Free tuition for former kids in care 'like a dream come true'
CBC
Ten years ago, Levon Beck didn't know if she'd ever graduate from high school, let alone attend college or begin to dream of something beyond that.
At a time when most 18-year-olds are thinking of proms and frosh week or entering the workforce, Beck was in and out of mental health care, grappling with issues stemming from trauma in her early years.
It wasn't until last year that Beck, now 28, could finally hold her high school diploma and say, "I did it."
"It was one of the happiest moments because it's finally like, I'm not going to let the past win. I'm stronger than my circumstances and I can overcome it," she said.

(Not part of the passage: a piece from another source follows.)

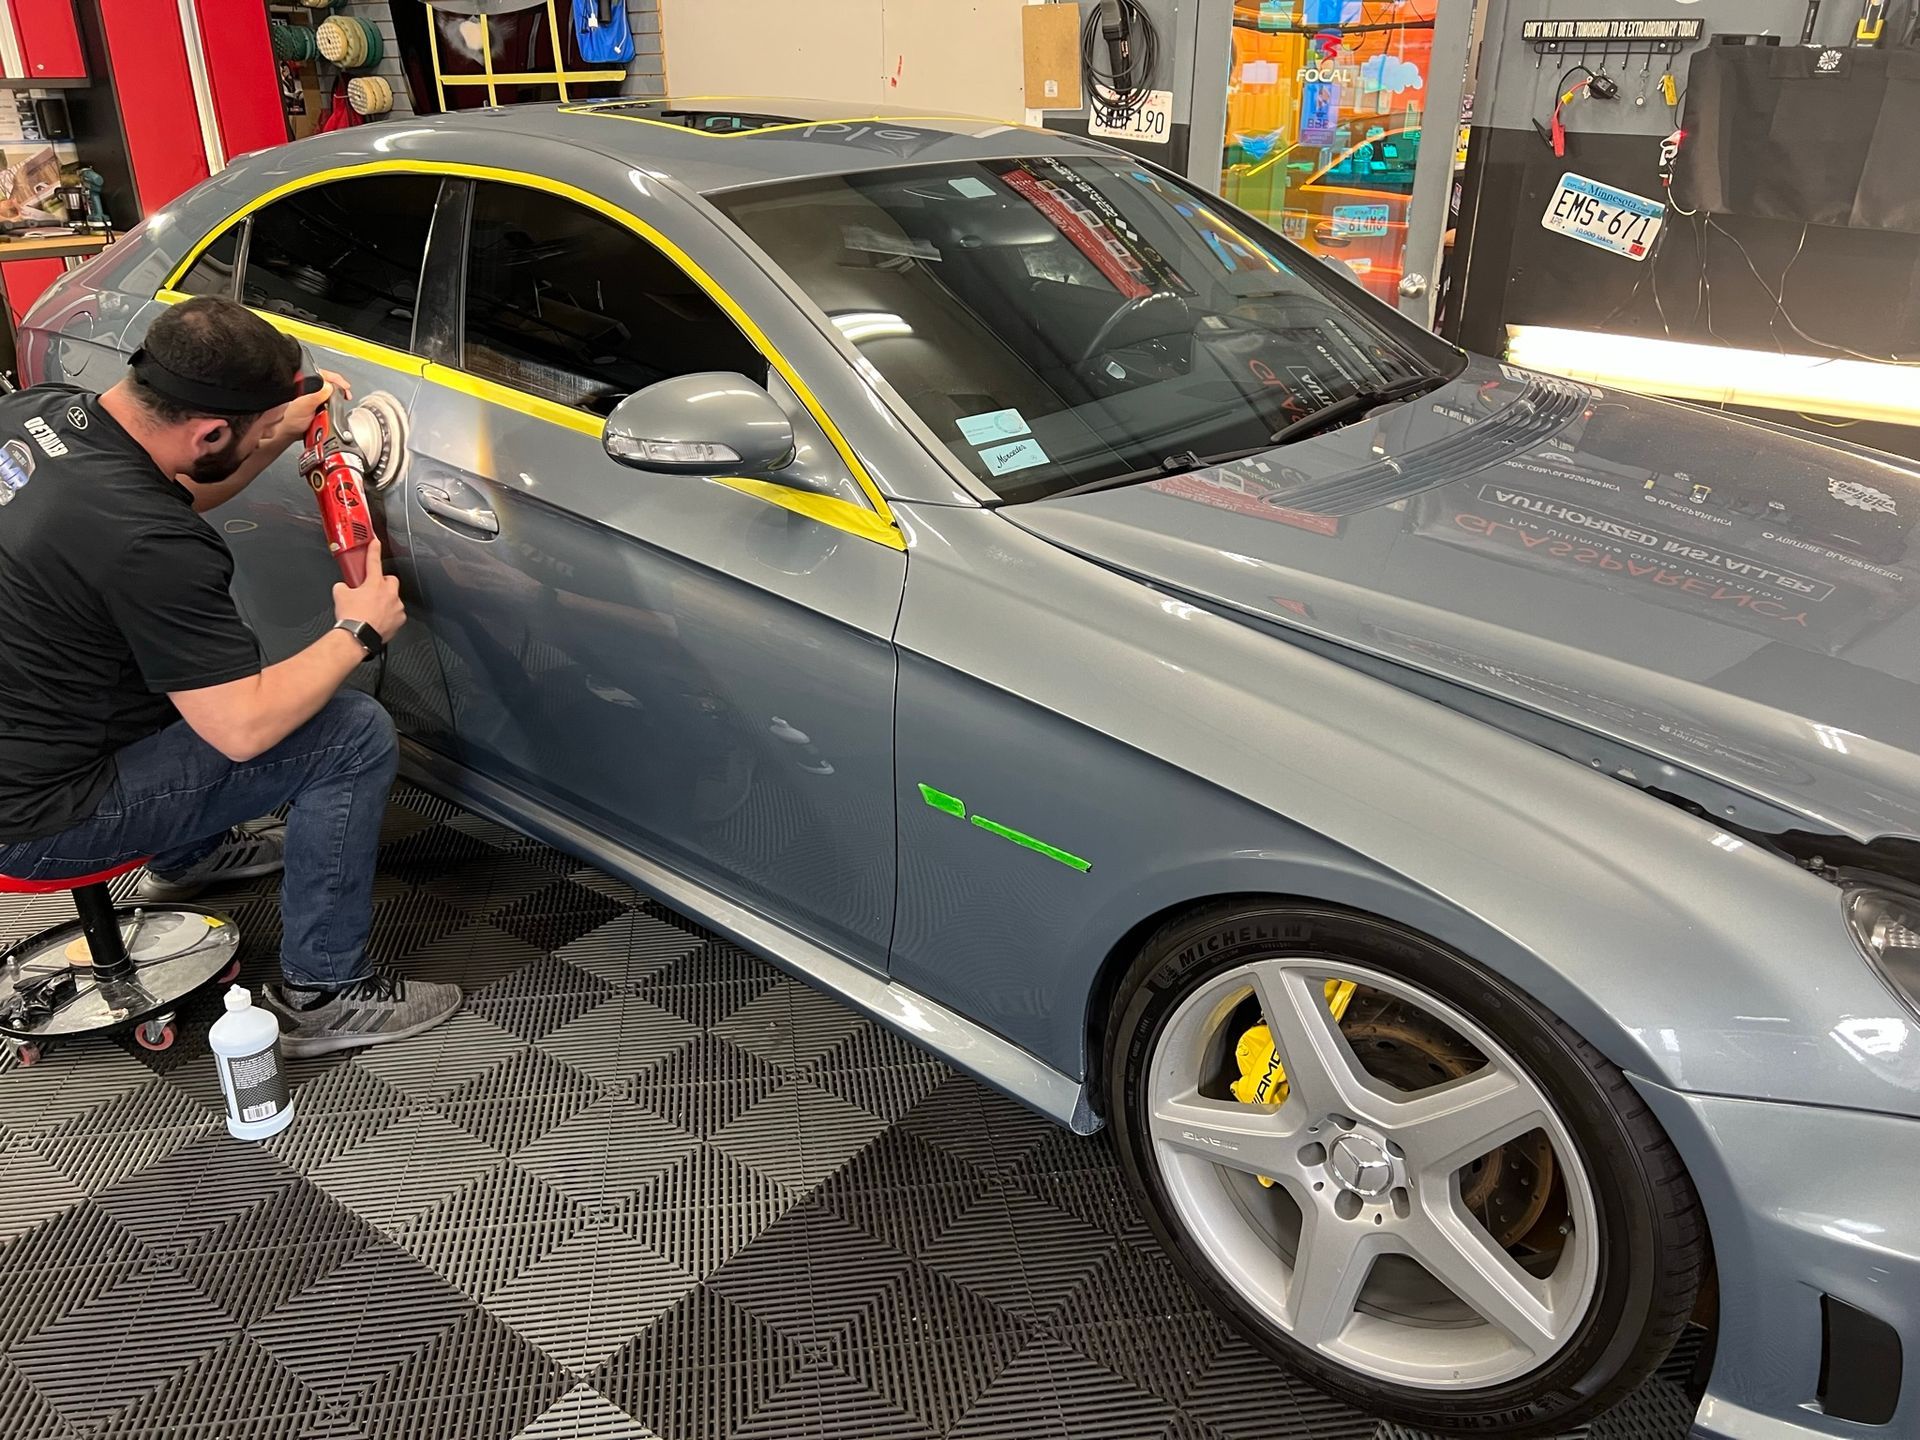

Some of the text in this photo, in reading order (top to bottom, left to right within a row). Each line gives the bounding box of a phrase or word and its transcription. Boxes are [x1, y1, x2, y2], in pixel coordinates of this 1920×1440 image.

Before her graduation from the adult learning program at the Nova Scotia Community College — a program that helps adults get their high school diploma — one of her instructors asked what she would do afterward. But financially, post-secondary education seemed like an unattainable goal.
This fall, however, Beck became part of a new program at the community college, one of a growing number of post-secondary institutions in Canada that offer tuition support to people who were once in the child welfare system. Mount Saint Vincent University, Dalhousie University, the University of King's College and Saint Mary's University have announced similar programs over the past year.
Beck was in foster care before she was adopted at the age of four. She receives disability support payments because she lives with dissociative identity disorder, a condition likely caused by severe trauma in early childhood, so her income would not allow her to manage living expenses and tuition.